The Houston Housing Authority halted new deals under the program in which the biggest beneficiaries have been landlords and political insiders, not low-income renters, the Houston Chronicle reported.
The authority’s CEO Jamie Bryant said the agency has stopped accepting proposals tied to public facility corporation projects, which allow apartment developers to avoid property taxes in exchange for setting aside half the units as affordable.
Bryant, who took over in February after Mayor John Whitmire overhauled the agency’s board, said he has rejected dozens of recent proposals, citing poor public returns.
“We are providing a dollar’s worth of tax exemption to a developer, but in return we’re getting maybe 20 cents worth of additional rent subsidy in affordability,” Bryant said.
The housing authority delivered 17,000 apartment units over eight years under its aggressive use of PFCs, but most of those projects were priced for middle-income tenants, not the lowest-income households the program was intended to serve. Some landlords secured tax exemptions by buying existing modest-rent properties without significantly reducing rents.

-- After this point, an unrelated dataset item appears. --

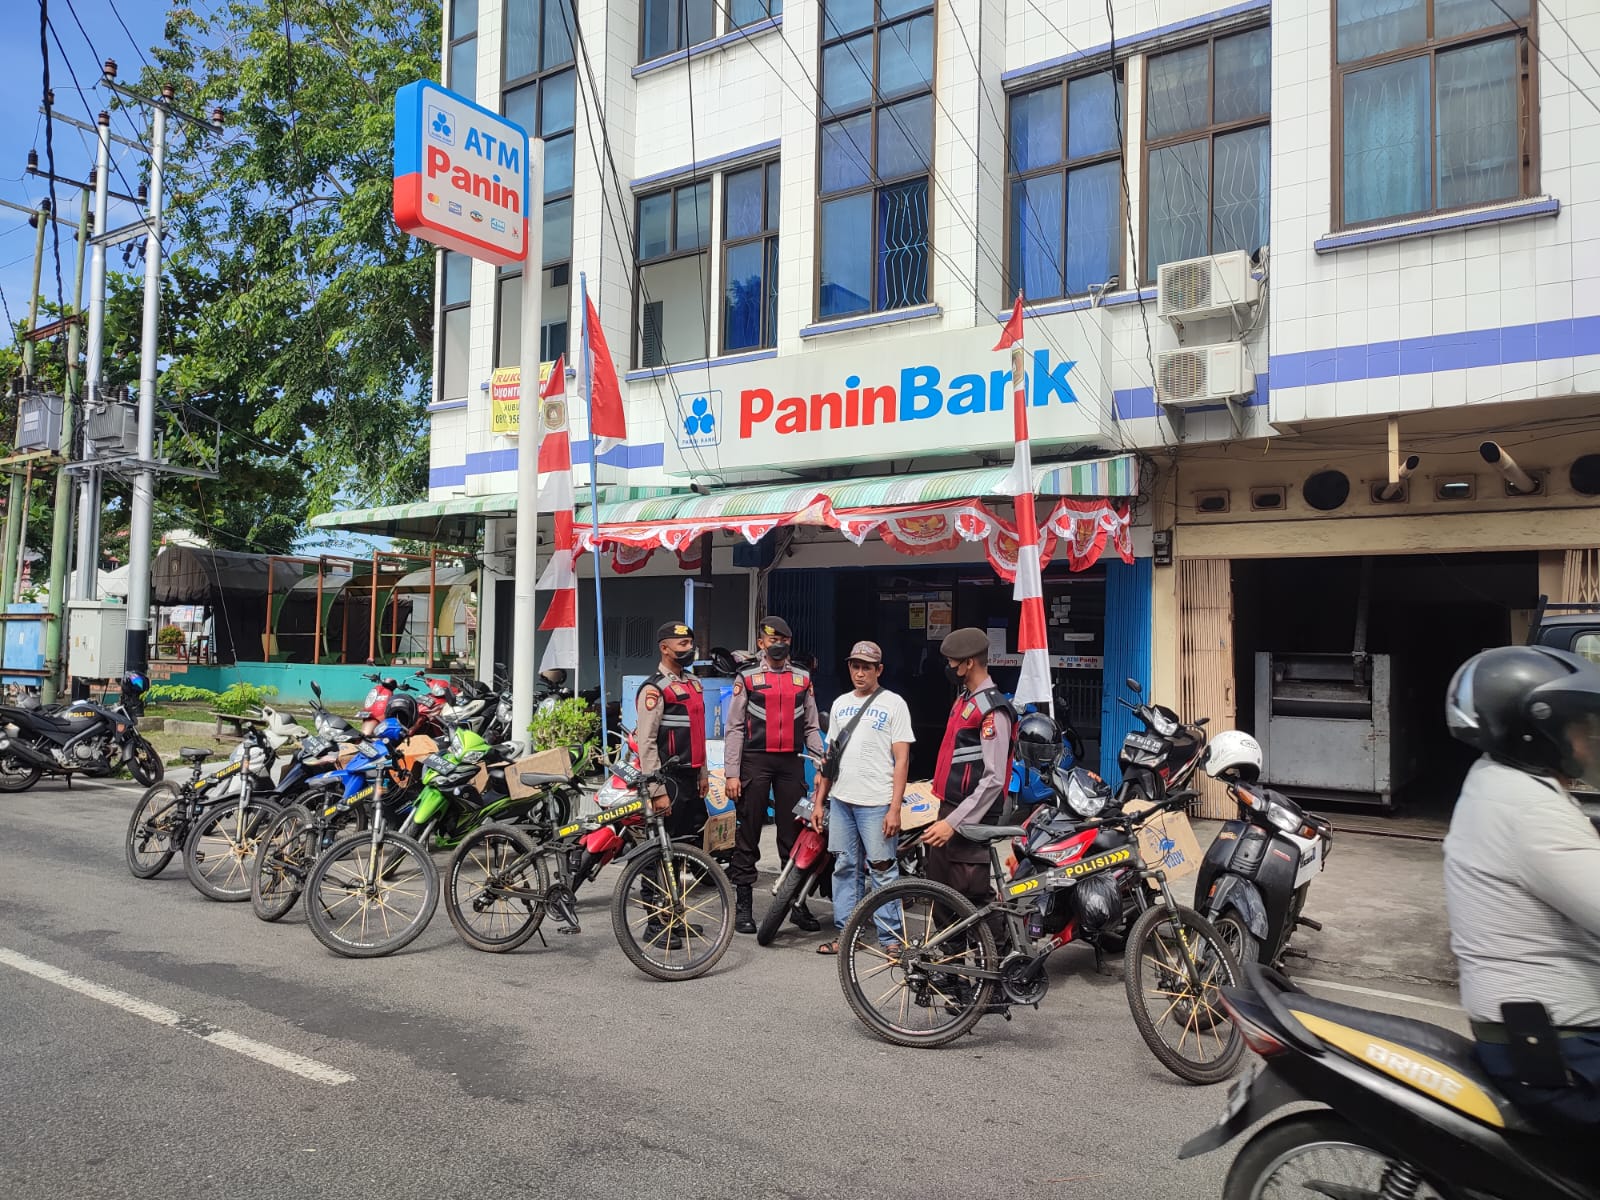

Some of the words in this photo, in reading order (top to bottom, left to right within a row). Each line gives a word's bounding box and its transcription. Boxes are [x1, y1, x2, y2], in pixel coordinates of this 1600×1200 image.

Texas lawmakers tightened the rules for PFCs last year, but many deals were grandfathered in under the old looser standards. Bryant said the agency may revisit them in the future under tighter guidelines but, for now, it’s closing the door.
The pause marks a sharp pivot for an agency that once championed PFCs as a fast track to affordable housing but now faces a reckoning over whether the model served the public as intended.
The freeze applies to deals made through Chapter 392, a similar loophole-rich program. Bryant said he has already fielded calls from frustrated developers and brokers but stressed that public mission, not private profit, will guide future housing efforts.
The agency’s shakeup follows months of leadership turmoil and reports of mismanagement.
Former CEO David Northern resigned in November after the board launched an investigation into financial mismanagement. Auditors found shadowy deficiencies in the Houston Housing Authority’s bookkeeping and oversight of its federal housing voucher program; 35 out of 40 reviewed housing choice voucher files lacked required paperwork for annual recertification, risking inaccurate subsidy payments.
Bryant, a former executive at real estate development and investment firm Midway, said he plans to improve financial oversight and hire a new CFO.
City officials including Council Member Julian Ramirez have pushed for reforms, warning that past deals under the arrangement often produced little true affordability despite million-dollar tax breaks.